SUPPLEMENTARY DESCRIPTION: The following supplements González-Sponga’s (1991) original description.

Trichobothria: Femur with three trichobothria (fig. 70A). Patella with 33 trichobothria (fig. 70B–D): two dorsal, seven ventral, 23 external, one internal; v 1 –v 7 aligned and situated close to VE carina; est 5 situated on external surface near VE carina, distal to est 4; est 3 situated slightly proximal to est 4; em trichobothria situated approximately in same axis, em 1 slightly distal to em 2 and em 3; esb 2 situated distal to esb 3. Chela with 26 trichobothria (fig. 71): 10 situated on manus, three ventral, seven external; 16 situated on fixed finger, seven external, six dorsal, three internal; isb absent; it situated between et 3 and est; Est situated equidistant between V 3 and Et 1; V 3 situated closer to V 1 than to V 4; Et 2 situated in same axis as Et 1; Esb situated proximal to Eb 2; eb situated near base of fixed finger; db situated slightly distal to esb; dm 1 situated slightly proximal to et 3.

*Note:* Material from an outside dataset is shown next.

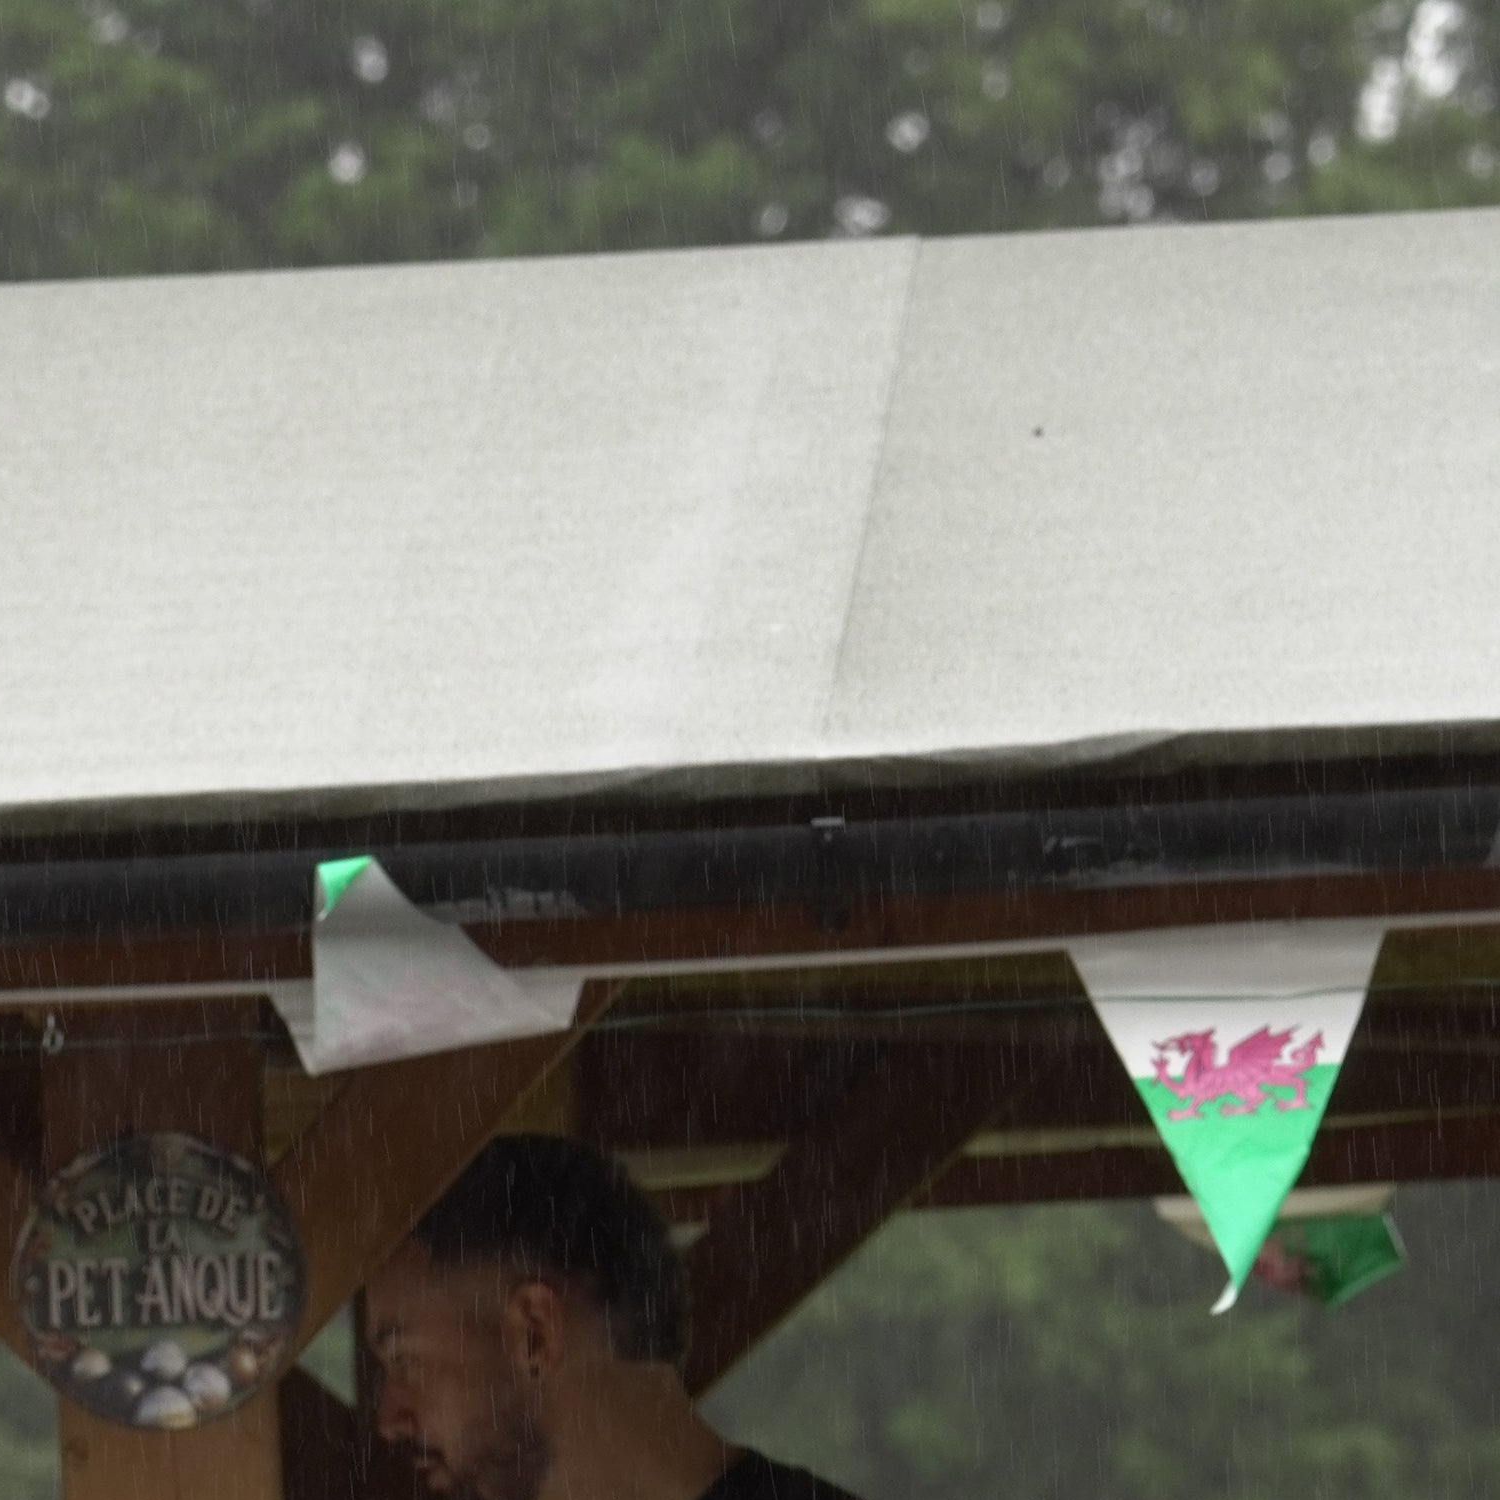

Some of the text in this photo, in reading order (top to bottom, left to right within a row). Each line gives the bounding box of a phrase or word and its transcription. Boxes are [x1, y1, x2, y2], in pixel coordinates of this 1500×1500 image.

[73, 1177, 246, 1234] PLACE DE
[148, 1219, 181, 1252] LA
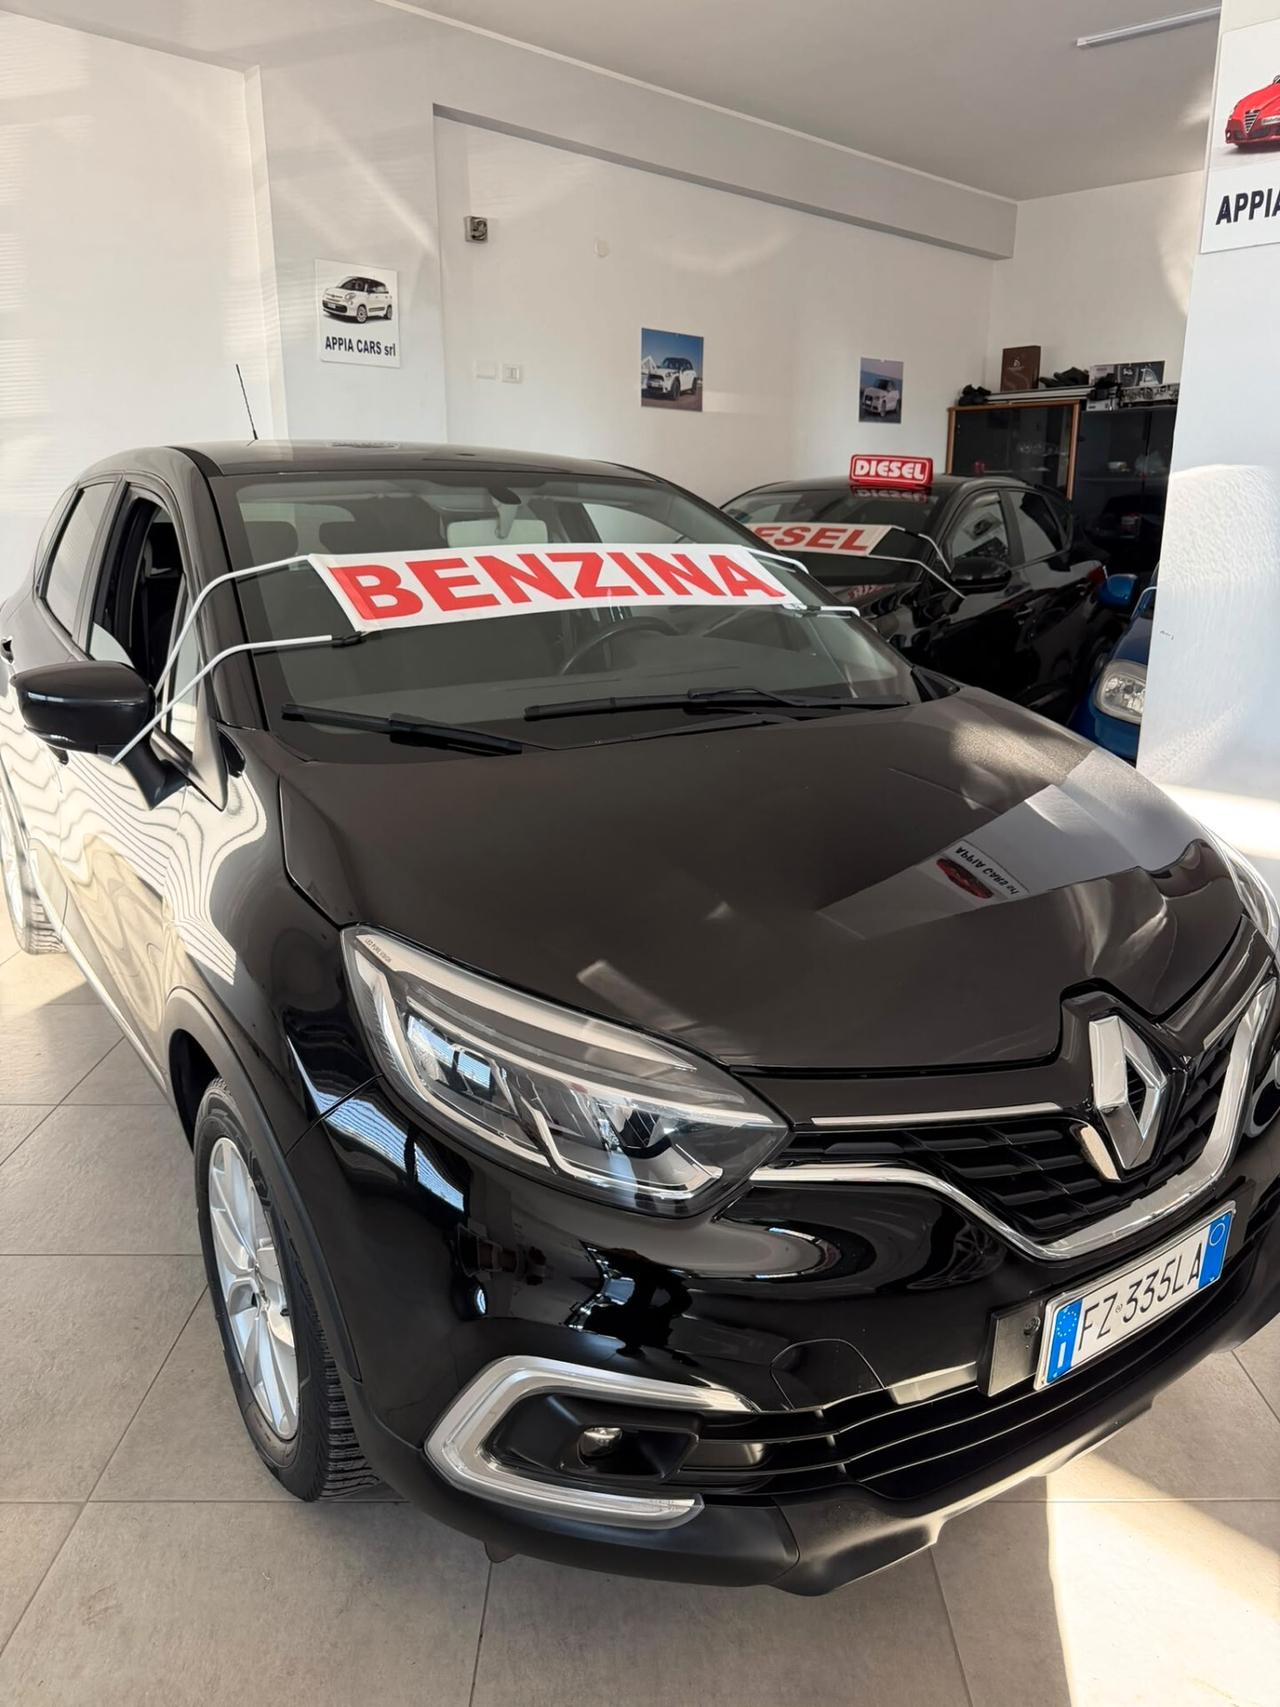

Hemispermatophore: Apex short, curved to ventral surface, and tapering distally (fig. 72A–C); flagellum short, slightly curved; ental margin slightly undulate distally; ental fold short, subtriangular, situated at base of apex; pedicel elongated. Trunk well developed, strongly tortuous medially, sheathshaped part approximately one-third the length of trunk; ventral concavity well developed; foot approximately half the length of trunk. Lobe region well developed, with two lobes; ental lobe elongated, terminating in strongly sclerotized apophysis; median lobe auriculate, extending entally and ventrally, approximately 80 % the length of lamina, distal margin slightly folded, dorsal margin well sclerotized, with small spines medially, dorsal surface finely papillose, ental surface strongly sclerotized, apapillose; median trough deep, extending entire length of median lobe.

REMARKS: The sex of the holotype (³) was misidentified in the original description as ♀.

DISTRIBUTION: Megachactops coriaceo , n. comb., is known only from the type locality in the state of Amazonas, Venezuela, near the border with Brazil (fig. 2).

HABITAT: The type locality of this species falls within primary rainforest at the base of tepui La Neblina.